Alex Ramos, a doctor and the vice-president of Societat Civil Catalana, a group opposed to independence, is not persuaded by the regional government’s rhetoric. He also sees obvious parallels with the Brexit campaign.

“There’s a very clear analogy,” he says. “From our point of view, there’s a populist element in all this: you’ve got good people and bad people, you’ve got a victim mentality; and you’ve got a leader and his people.”

Ramos does not underestimate the desire that many Catalans have for independence, nor does he dispute the power of the Diada. But he does believe the Catalan government has taken advantage of old resentments and Spain’s economic crisis to stir up feelings of victimhood and further its own agenda.

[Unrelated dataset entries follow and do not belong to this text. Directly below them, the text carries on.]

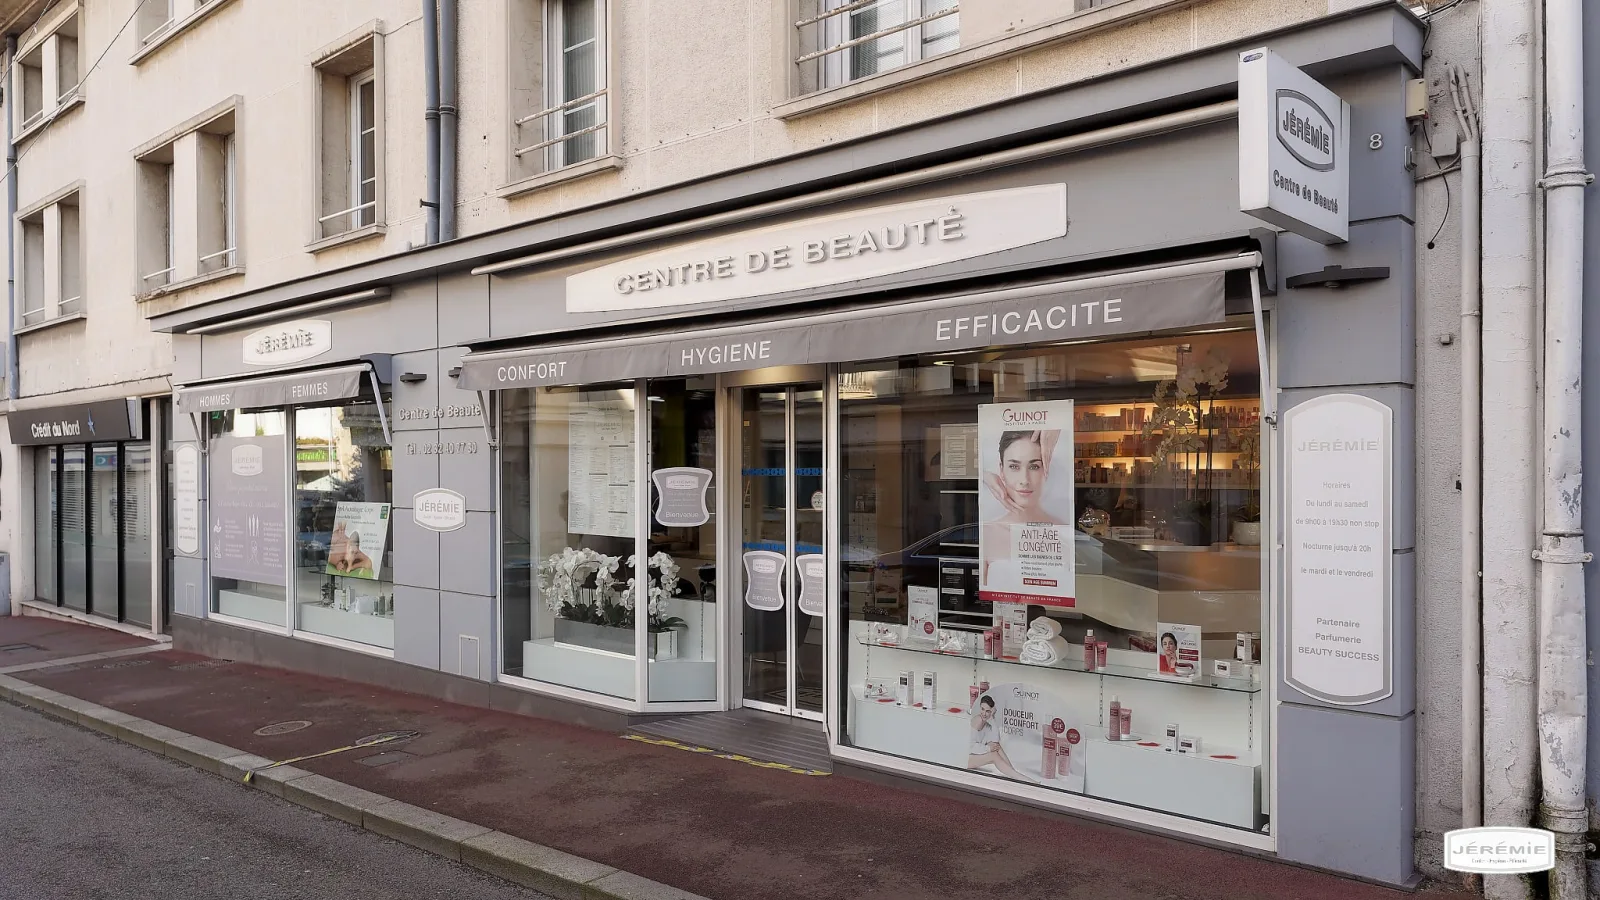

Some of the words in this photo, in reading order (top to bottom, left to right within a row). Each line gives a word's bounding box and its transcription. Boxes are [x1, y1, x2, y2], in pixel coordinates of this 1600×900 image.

[1282, 108, 1330, 155] JÉRÉMIE
[1369, 133, 1383, 150] 8
[1273, 169, 1301, 196] Centre
[1302, 185, 1311, 201] de
[1314, 189, 1339, 214] Beauté
[613, 254, 735, 296] CENTRE
[744, 245, 791, 274] DE
[801, 204, 965, 264] BEAUTÉ
[936, 298, 1123, 341] EFFICACITE
[681, 340, 772, 366] HYGIENE
[497, 361, 567, 382] CONFORT
[292, 382, 328, 398] FEMMES
[199, 393, 231, 408] HOMMES
[399, 407, 429, 420] Centre
[431, 405, 444, 418] de
[447, 404, 481, 417] Beauté
[1002, 408, 1048, 423] GUINOT
[31, 422, 51, 438] Crédit
[52, 423, 62, 437] du
[62, 420, 80, 436] Nord
[423, 443, 432, 455] 02
[1298, 438, 1378, 452] JÉRÉMIE
[1322, 481, 1351, 489] Horaires
[419, 500, 460, 514] JÉRÉMIE
[1344, 500, 1368, 508] samedi
[1364, 520, 1379, 528] stop
[1021, 528, 1059, 541] ANTI-ÂGE
[1018, 541, 1061, 553] LONGÉVITÉ
[1302, 542, 1332, 551] Nocturne
[1308, 567, 1327, 575] mardi
[1336, 568, 1343, 576] le
[1344, 569, 1374, 577] vendredi
[1316, 617, 1360, 628] Partenaire
[1315, 632, 1361, 644] Parfumerie
[1298, 646, 1333, 657] BEAUTY
[1335, 650, 1380, 662] SUCCESS
[1013, 687, 1039, 699] GUINOT
[1003, 708, 1034, 720] DOUCEUR
[1009, 719, 1039, 730] CONFORT
[1003, 727, 1024, 737] CORPS
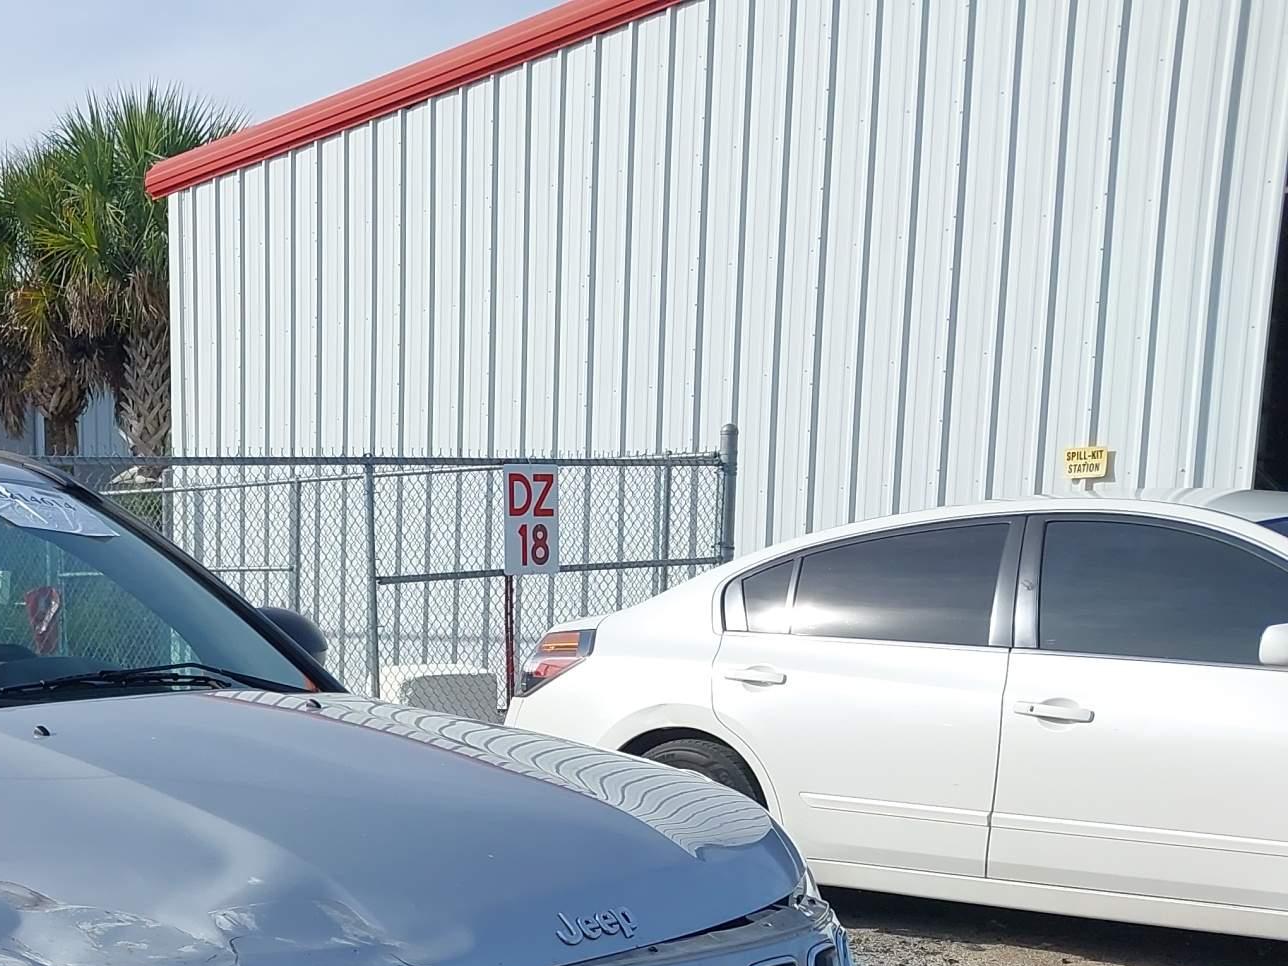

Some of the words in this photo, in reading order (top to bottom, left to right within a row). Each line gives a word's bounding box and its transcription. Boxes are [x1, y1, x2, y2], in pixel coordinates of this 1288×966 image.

[1066, 449, 1104, 461] SPILL-KIT
[1067, 462, 1101, 474] STATION
[508, 472, 554, 517] DZ
[518, 523, 550, 566] 18
[555, 906, 638, 946] Jeep
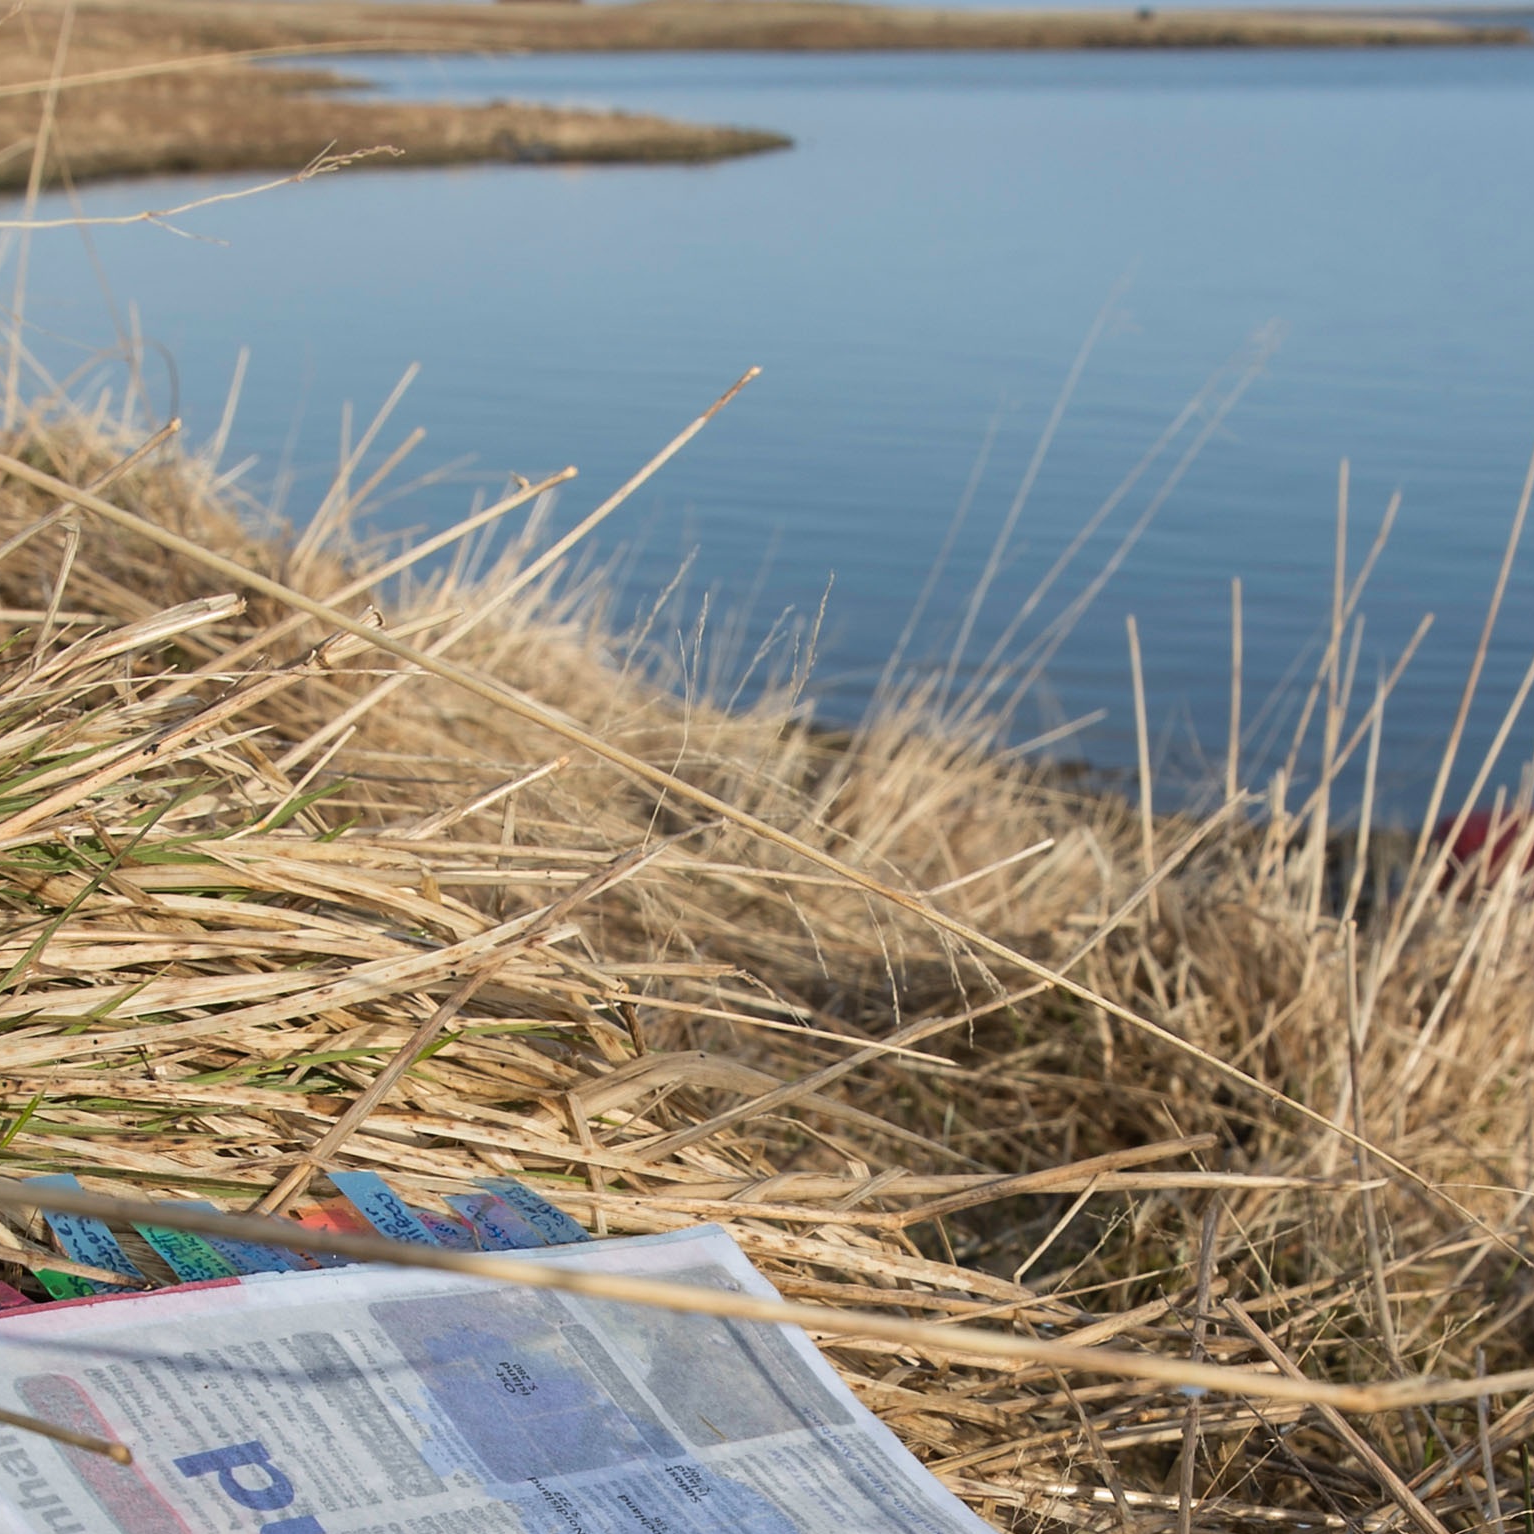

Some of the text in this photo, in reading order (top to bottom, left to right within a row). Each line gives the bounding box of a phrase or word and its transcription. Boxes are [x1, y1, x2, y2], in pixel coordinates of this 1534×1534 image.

How else, he asks, could support for independence have risen from around 15% in 2009 to 41% today?

“In that rise, there’s anger and economic crisis but there’s also propaganda,” he says.

Although Ramos is convinced the referendum will not take place, he knows both sides are “still going to go all out until the referee blows the whistle”. Whatever happens on, or after, 1 October, he adds, Catalonia’s body politic will need attention.

“We’re going to need to stitch up the wounds and build bridges and start talking more and talking better. We need to find a solution.”

But between Puigdemont’s promise to declare independence from Spain within 48 hours if the yes camp wins and the Spanish government’s refusal to rule out suspending Catalonia’s autonomy, solutions seem as remote as ever.

Mingled with the clamour and the manoeuvring, the accusations and the threats, is a feeling of weariness and deja vu; a sense that the issue routinely billed as Spain’s biggest crisis since its return to democracy four decades ago will once again fail to yield a payoff that is sufficiently neat or quick.

Antonio Barroso, an analyst at the political risk advisory firm Teneo Intelligence, says while modern Spanish history has been undeniably turbulent, the Catalan questions differs from the other shocks and scourges that the country has suffered over recent decades.

“We had Eta bombing the country every other day in the 80s; we had massive corruption cases in the 90s involving the head of the Guardia Civil; we had one of the biggest terrorist attacks on European soil in 2004, and we had a huge economic crisis.

“Yes, this is one of the biggest challenges to the territorial model established in the Spanish constitution after the transition to democracy, but it’s a political issue at the end of the day.”